= Beginning of Section =

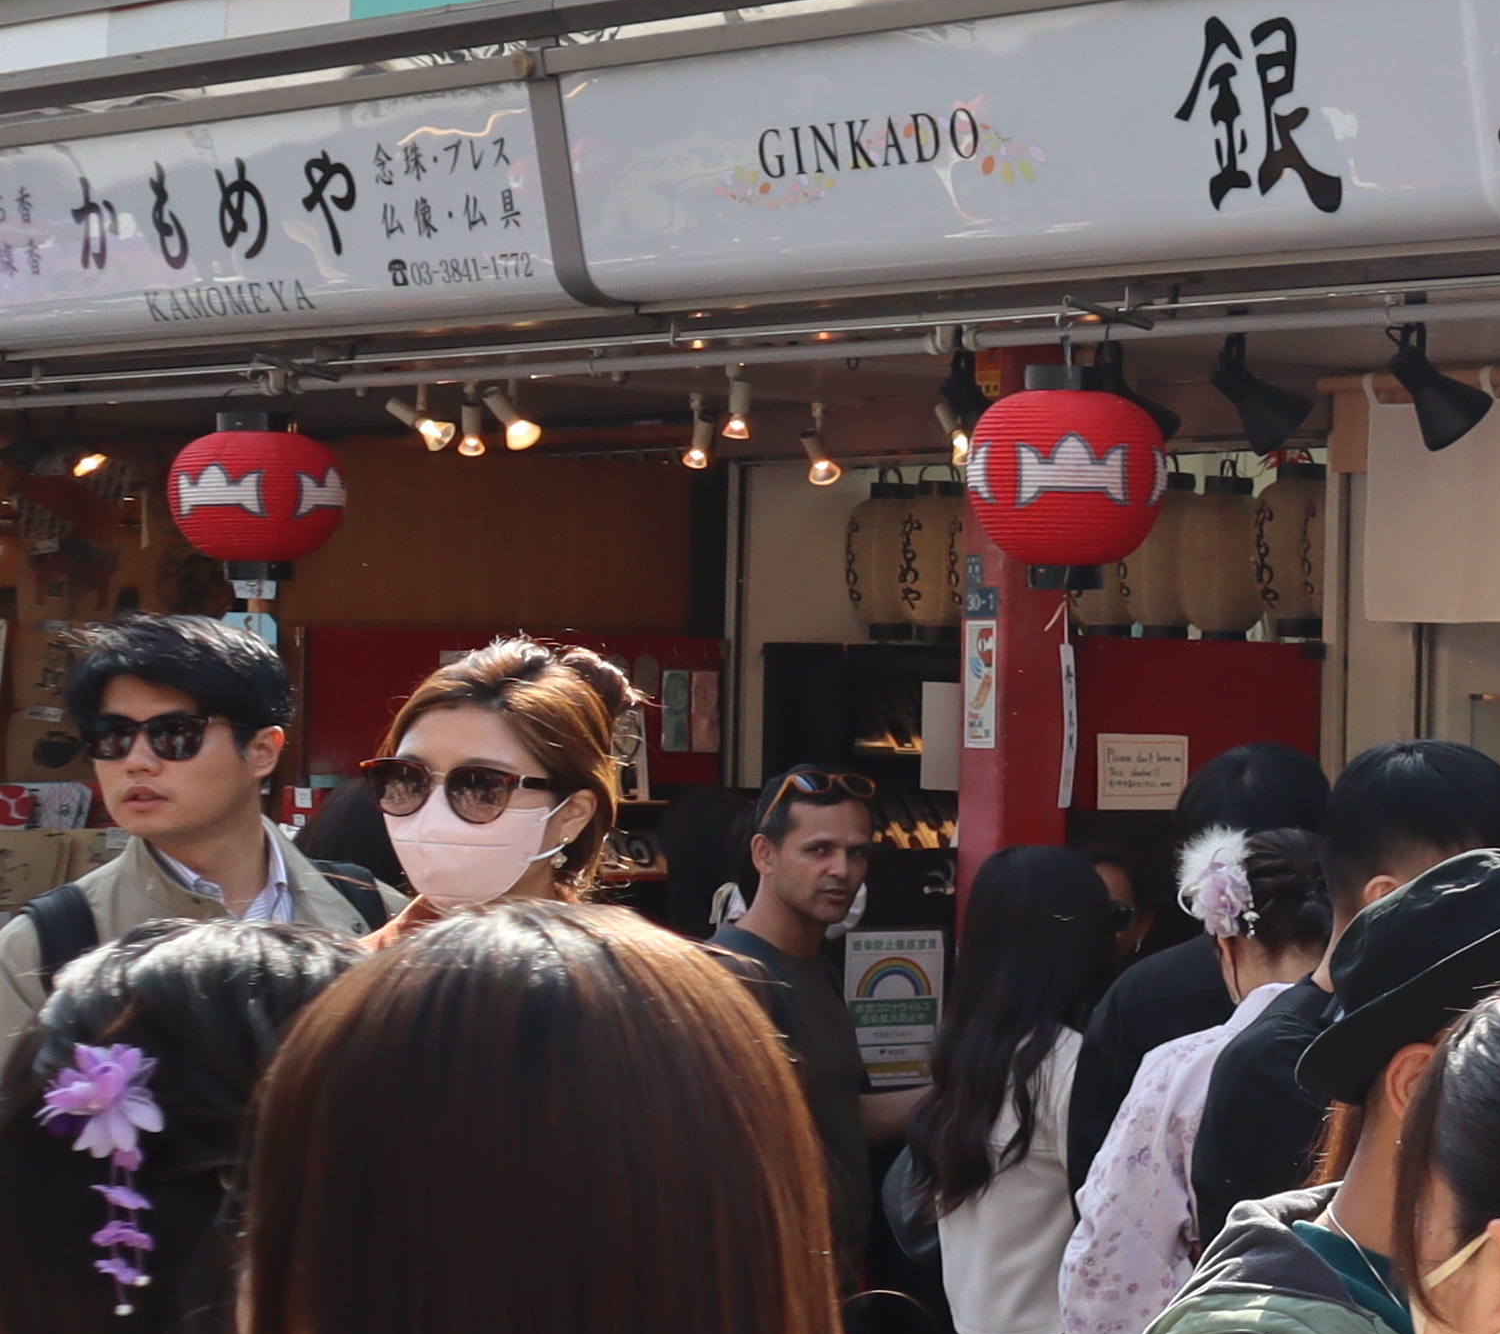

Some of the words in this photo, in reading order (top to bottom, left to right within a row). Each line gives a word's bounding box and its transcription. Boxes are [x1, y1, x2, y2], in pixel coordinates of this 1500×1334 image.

[758, 108, 979, 179] GINKADO
[71, 150, 356, 269] かもめや
[381, 188, 522, 239] 仏像・仏具
[410, 252, 534, 287] 03-3841-1772
[143, 280, 316, 323] KAMOMEYA
[966, 593, 994, 611] 30-1

= End of Section =

_Problem_
Reprint the data verbatim, pictures excluded.

_Result for this task_
Some of the words in this photo, in reading order (top to bottom, left to right within a row). Each line gives a word's bounding box and its transcription. Boxes are [x1, y1, x2, y2], in pixel coordinates of this 1500×1334 image.

[758, 108, 979, 179] GINKADO
[71, 150, 356, 269] かもめや
[381, 188, 522, 239] 仏像・仏具
[410, 252, 534, 287] 03-3841-1772
[143, 280, 316, 323] KAMOMEYA
[966, 593, 994, 611] 30-1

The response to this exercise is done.